### What is required
Once the pictures are set aside, transcribe each line of the listing exactly.

### Exercise data
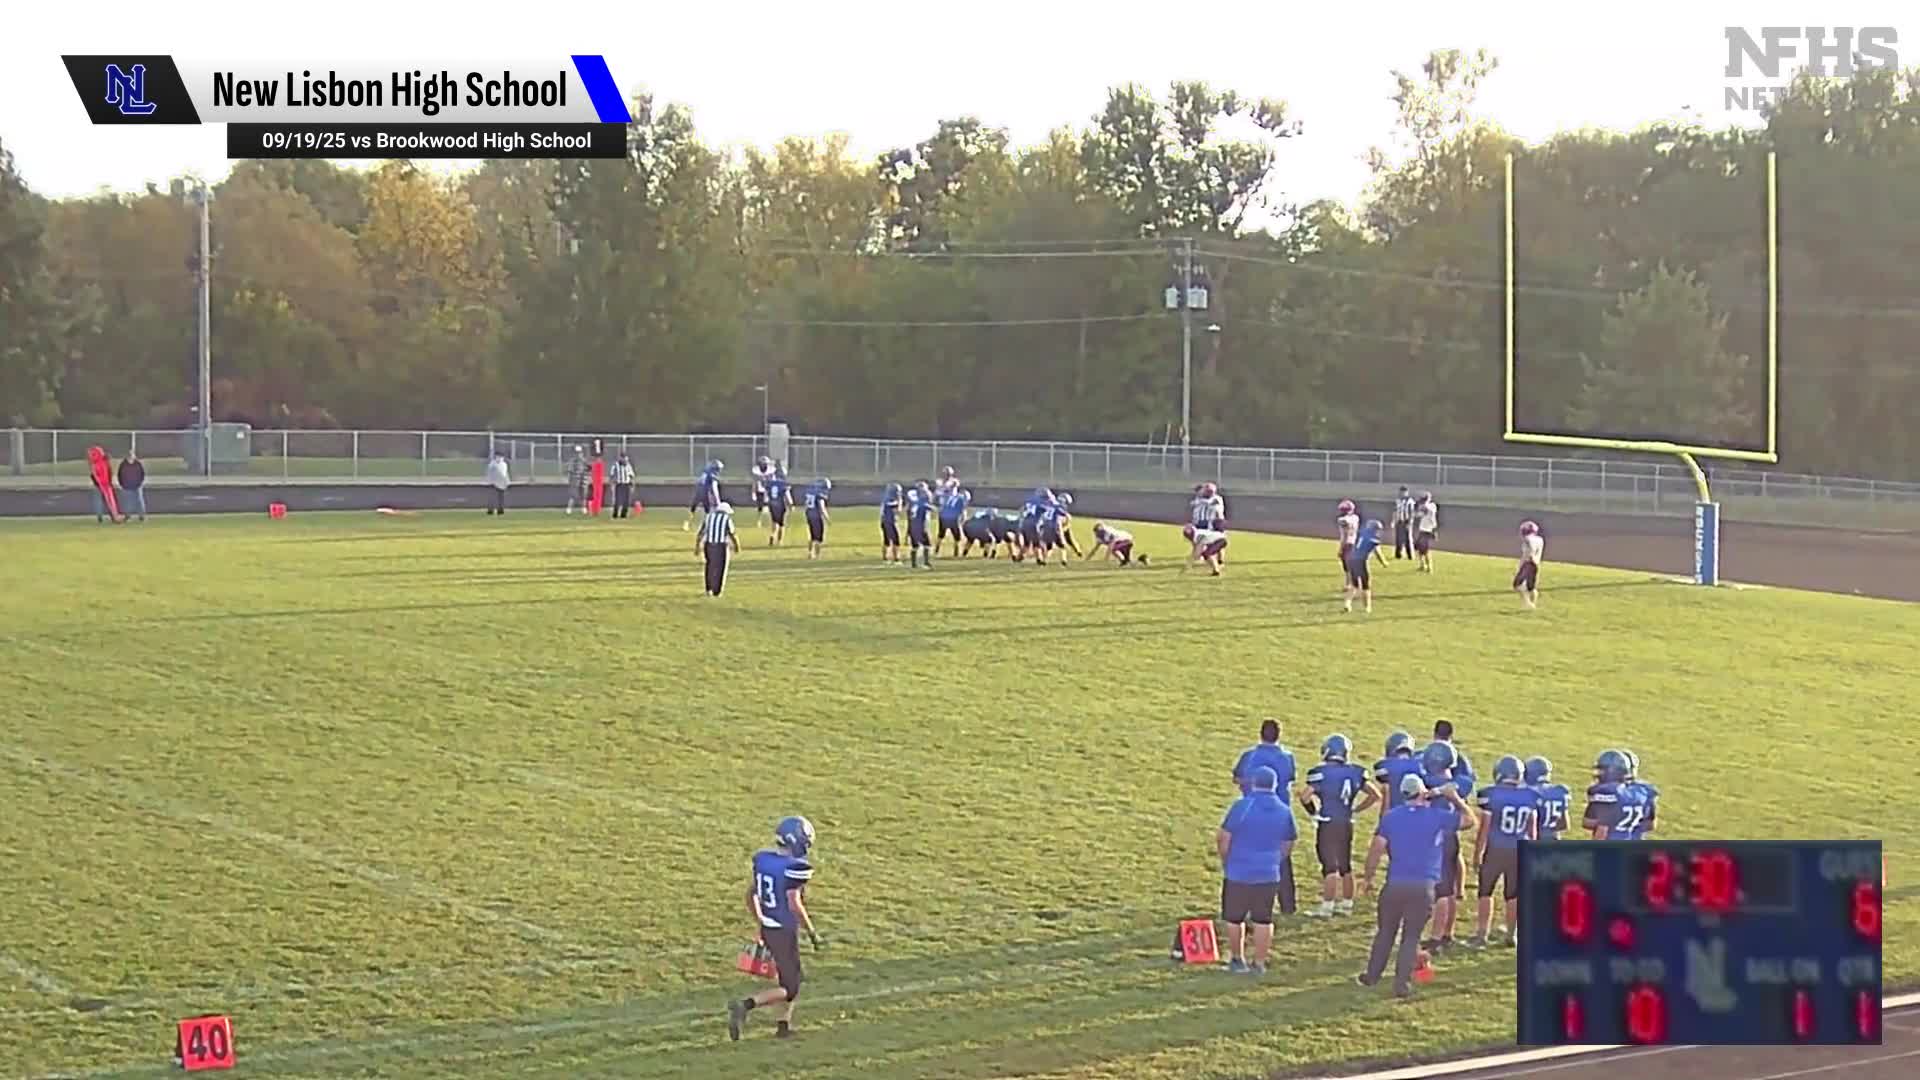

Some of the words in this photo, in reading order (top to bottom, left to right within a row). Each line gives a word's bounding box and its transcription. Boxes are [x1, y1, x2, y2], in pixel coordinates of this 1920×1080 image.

[594, 439, 602, 454] 1
[1341, 778, 1352, 806] 4
[1501, 805, 1531, 834] 60
[1543, 800, 1563, 828] 15
[756, 872, 777, 909] 13
[1185, 925, 1213, 954] 30
[188, 1025, 229, 1062] 40

### Answer section
Some of the words in this photo, in reading order (top to bottom, left to right within a row). Each line gives a word's bounding box and its transcription. Boxes are [x1, y1, x2, y2], in pixel coordinates of this 1920×1080 image.

[594, 439, 602, 454] 1
[1341, 778, 1352, 806] 4
[1501, 805, 1531, 834] 60
[1543, 800, 1563, 828] 15
[756, 872, 777, 909] 13
[1185, 925, 1213, 954] 30
[188, 1025, 229, 1062] 40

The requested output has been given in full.